Exercise description: Every line below needs to be transcribed without alteration, and no image may be carried over.

Data records:
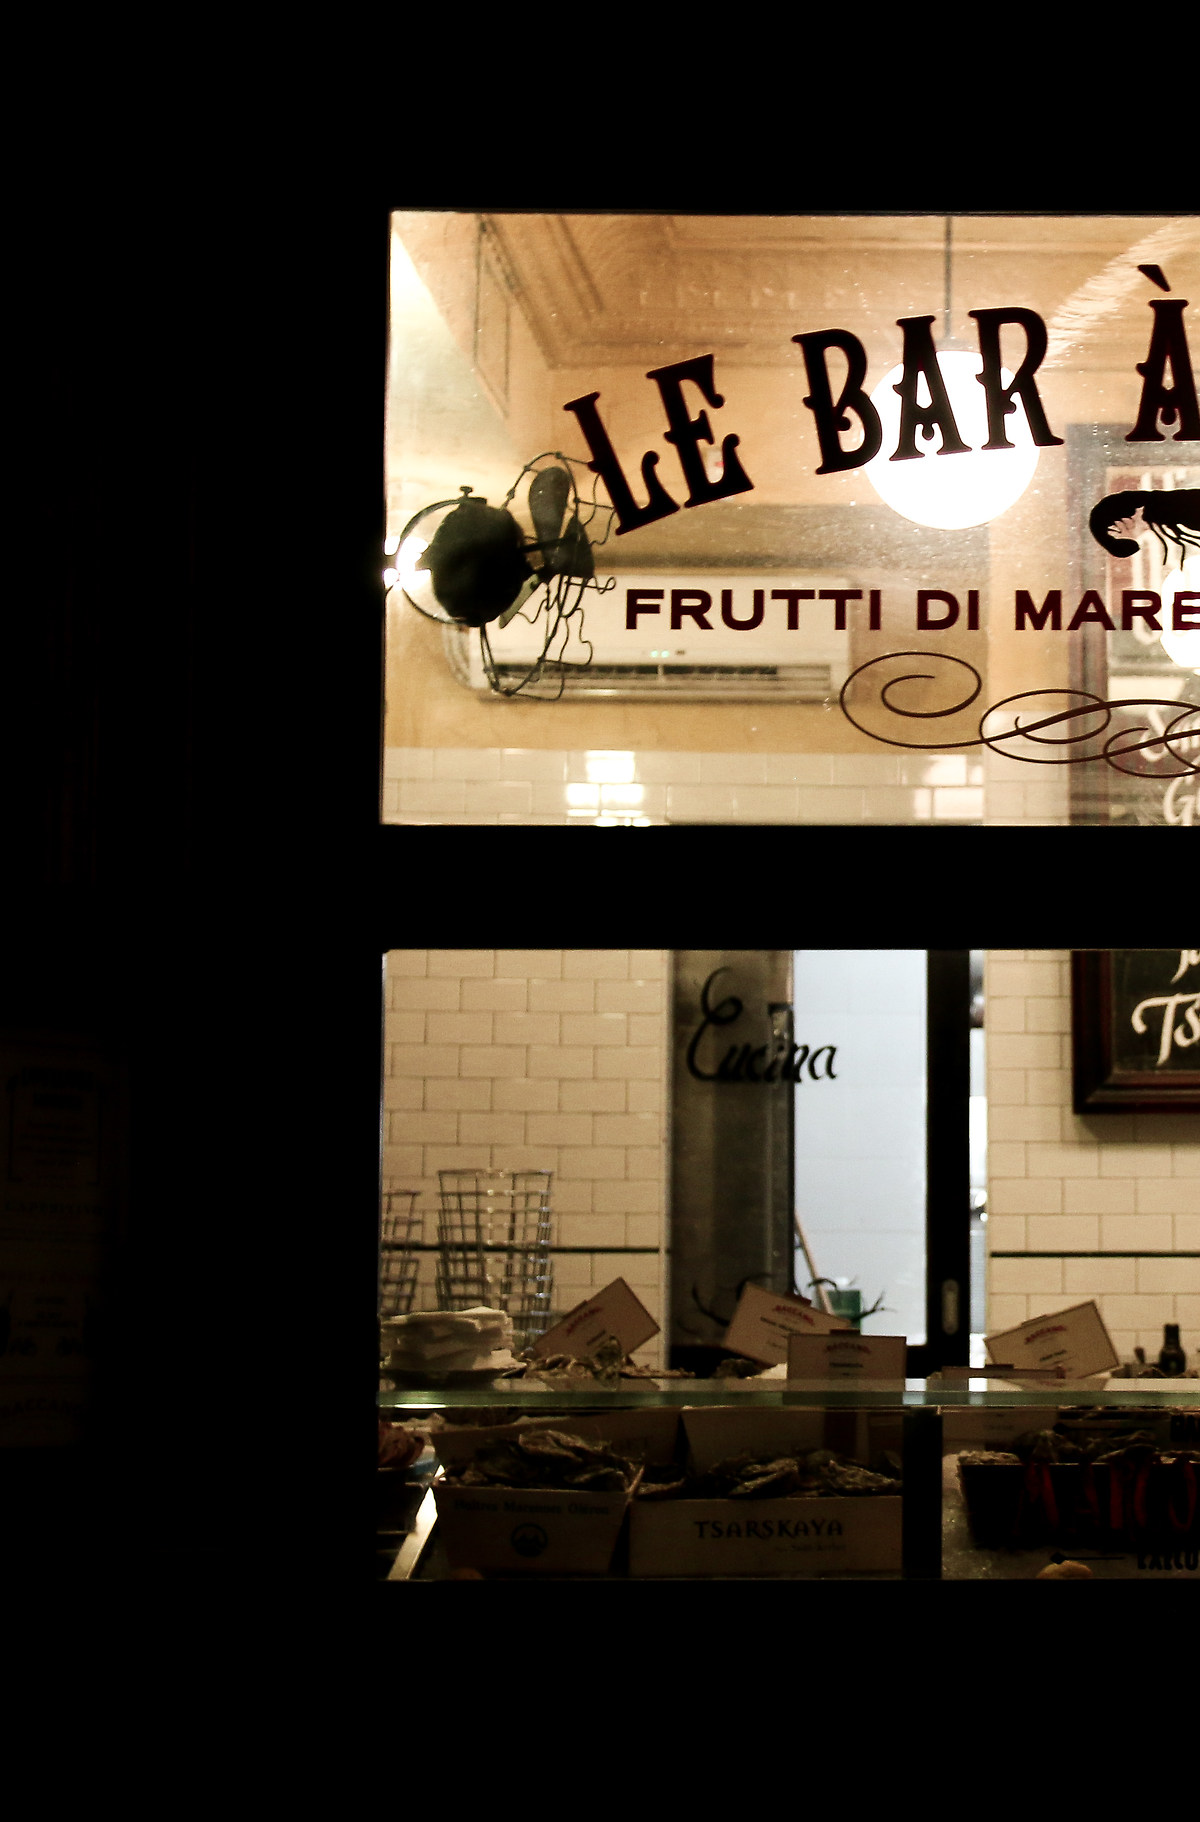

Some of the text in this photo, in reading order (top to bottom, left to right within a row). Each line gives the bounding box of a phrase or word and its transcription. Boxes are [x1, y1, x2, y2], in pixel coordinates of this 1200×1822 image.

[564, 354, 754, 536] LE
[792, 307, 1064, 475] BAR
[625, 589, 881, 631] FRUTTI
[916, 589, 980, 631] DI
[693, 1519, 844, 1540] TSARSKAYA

Written answer:
Some of the text in this photo, in reading order (top to bottom, left to right within a row). Each line gives the bounding box of a phrase or word and its transcription. Boxes are [x1, y1, x2, y2], in pixel coordinates of this 1200×1822 image.

[564, 354, 754, 536] LE
[792, 307, 1064, 475] BAR
[625, 589, 881, 631] FRUTTI
[916, 589, 980, 631] DI
[693, 1519, 844, 1540] TSARSKAYA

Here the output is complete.